Belize It or Not

Date: Winter, 1998
Author: Bob Kandiko

Never had a trip started with so many difficulties: Family health concerns, cancelled plane tickets, wieght restrictions on luggage, and poor weather. Perserverance held our course and our group of four flew to Houston, overnighted, then connected to Belize City. We looked with envy at travellers with small carry-ons as we each pushed or hauled two seventy pound bags plus large day bags around airports. Moving with collapsible kayaks can be a nightmare.

A quick check through customs allowed us to load the small prop plane headed down the coast to our destination of Dangriga. Our final landing is on a small asphalt runway carved out of the jungle where two men with wooden wheelbarrows and eight dogs greet us. We follow them down the runway, through mud puddles to the beach and to our booked resort.

The next day we purchase white gas, buy fruit, fill bags with 48 gallons of water, collect the remaining luggage on the noon flight, and arrrange for a skiff to take us out to the barrier reef. After almost three days of travel we arrive at palm covered Tobacco Caye (pronounced 'key'). It was the night before Christmas and we had our tents set up under palm trees with decorations and battery lights for a festive atmosphere. No snow or cold, just sun and warmth: truly a Christmas wish come true.

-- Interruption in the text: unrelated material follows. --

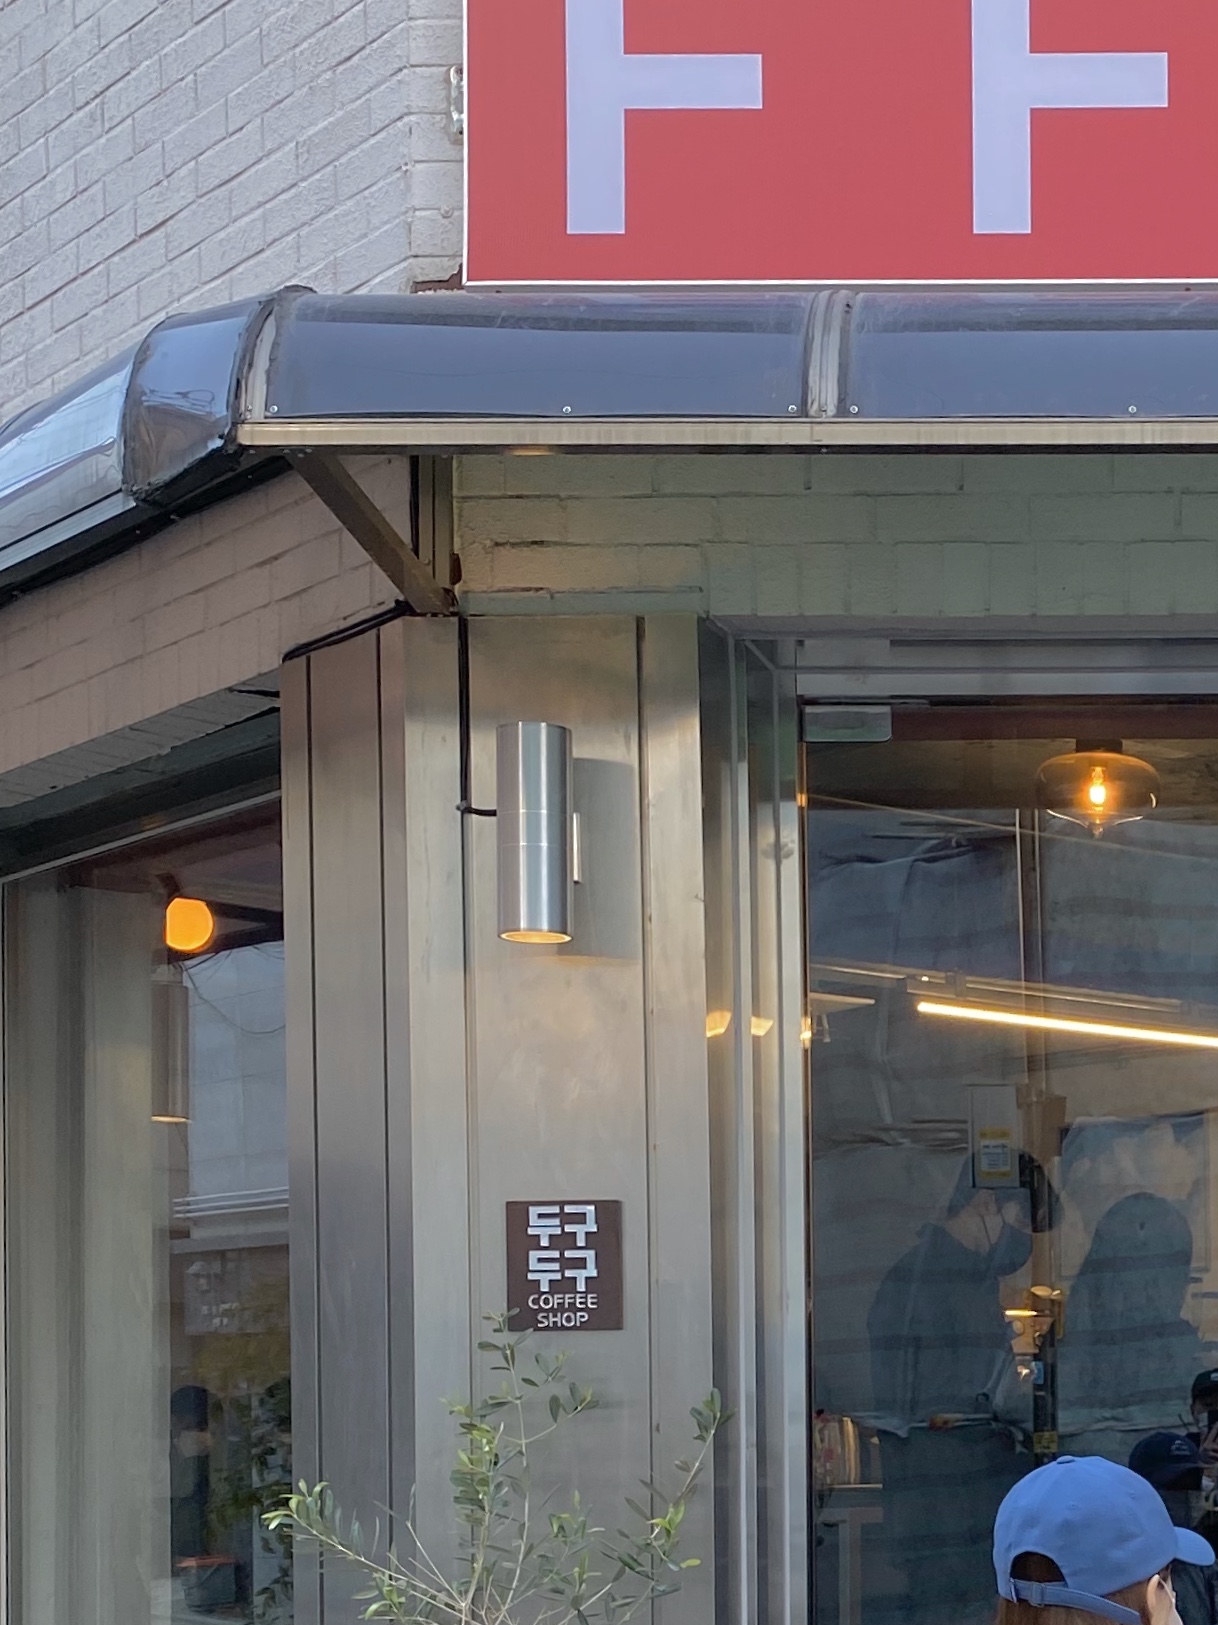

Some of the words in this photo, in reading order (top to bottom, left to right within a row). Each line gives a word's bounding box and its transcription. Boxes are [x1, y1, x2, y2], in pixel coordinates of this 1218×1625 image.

From Tobacco Caye we headed southeast through the cayes for 10 days. Many of the cayes were totally mangrove, meaning there is no solid land. The few houses we encountered were on stilts. Campsites were difficult to locate but our guidebook gave us detailed and accurate information. What surprised all of us were the long crossings of two to five miles between small islands. This was certainly not shoreline paddling. Each day included hours of snorkeling. The abundance of life was outstanding. Sponges, corals, lobsters, octopus, rays, barracudas and sharks, plus the multitudes of colorful reef fish. Pelicans, osprey, frigate birds, and herons put on aerial displays as we rocked gently in the hammocks.

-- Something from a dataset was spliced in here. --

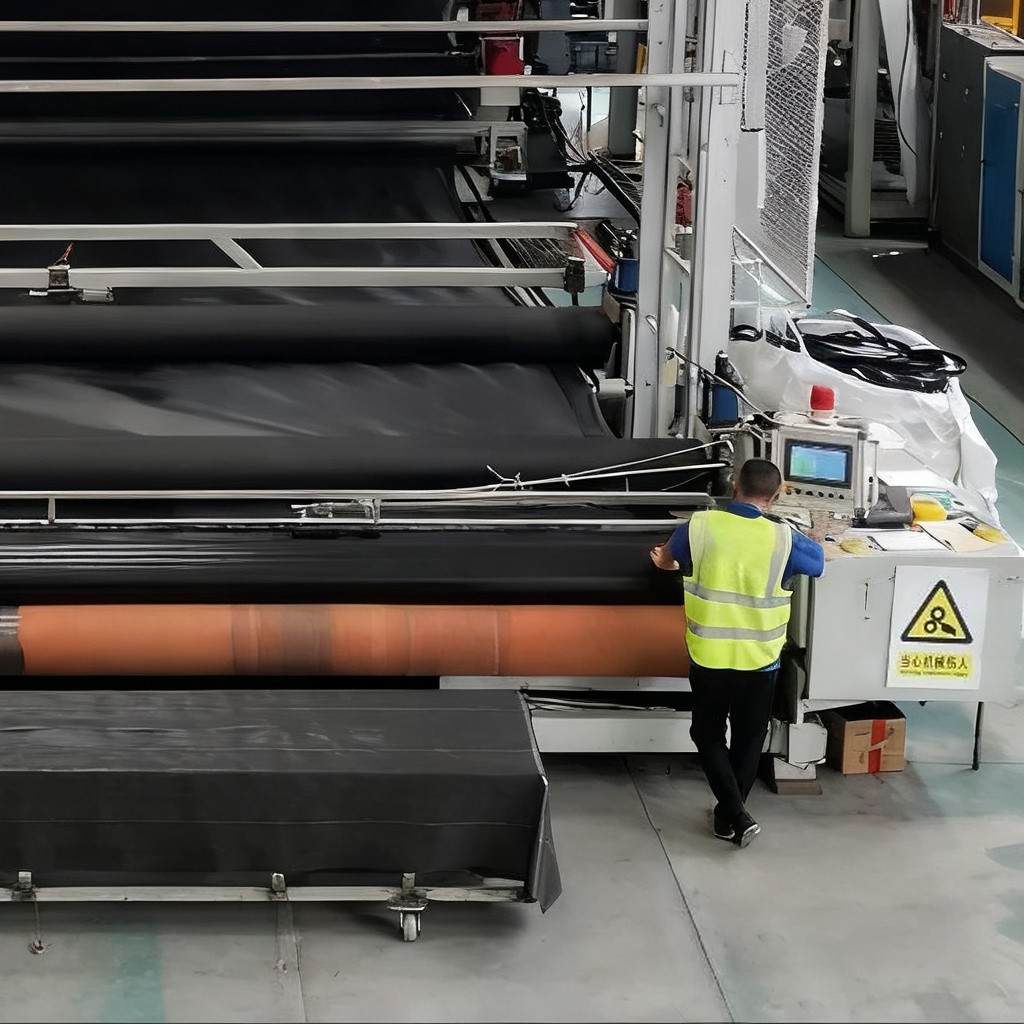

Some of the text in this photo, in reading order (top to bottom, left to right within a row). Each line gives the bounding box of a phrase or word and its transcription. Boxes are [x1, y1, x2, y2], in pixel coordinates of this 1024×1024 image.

Sound idyllic? There were hardships: It was actually too warm to sleep some nights. Sand flies made two campsites a nightmare experience. And the sun at times was too intense. But we don't expect sympathy or compassion from you readers.

Fresh lobster dinners, Gatorade whiskey sours, warm starry nights, shorts and tank tops, miles of aquamarine water dotted with islands covered with coconut palm trees, good companionship: These are the lasting memories.

At the end of the trip we chartered a skiff to take us up the Monkey River. As we cruised along we saw iguanas perched on branches, crocodiles and turtles basking along the shore, and howler monkeys hanging in the branches. We saw a manatee as well as countless tropical birds. The rain forest was a real contrast to the life on the barrier reef.

Only near the end of our trip did we hear the horror stories of the weather at home. Blizzards, floods, winds: These were not troubles to be dealt with while we ate shrimp creole under the stars listening to Jimmy Buffet. We would deal with that reality later, after we finished with the Caribbean.

You had to be there to Belize it!!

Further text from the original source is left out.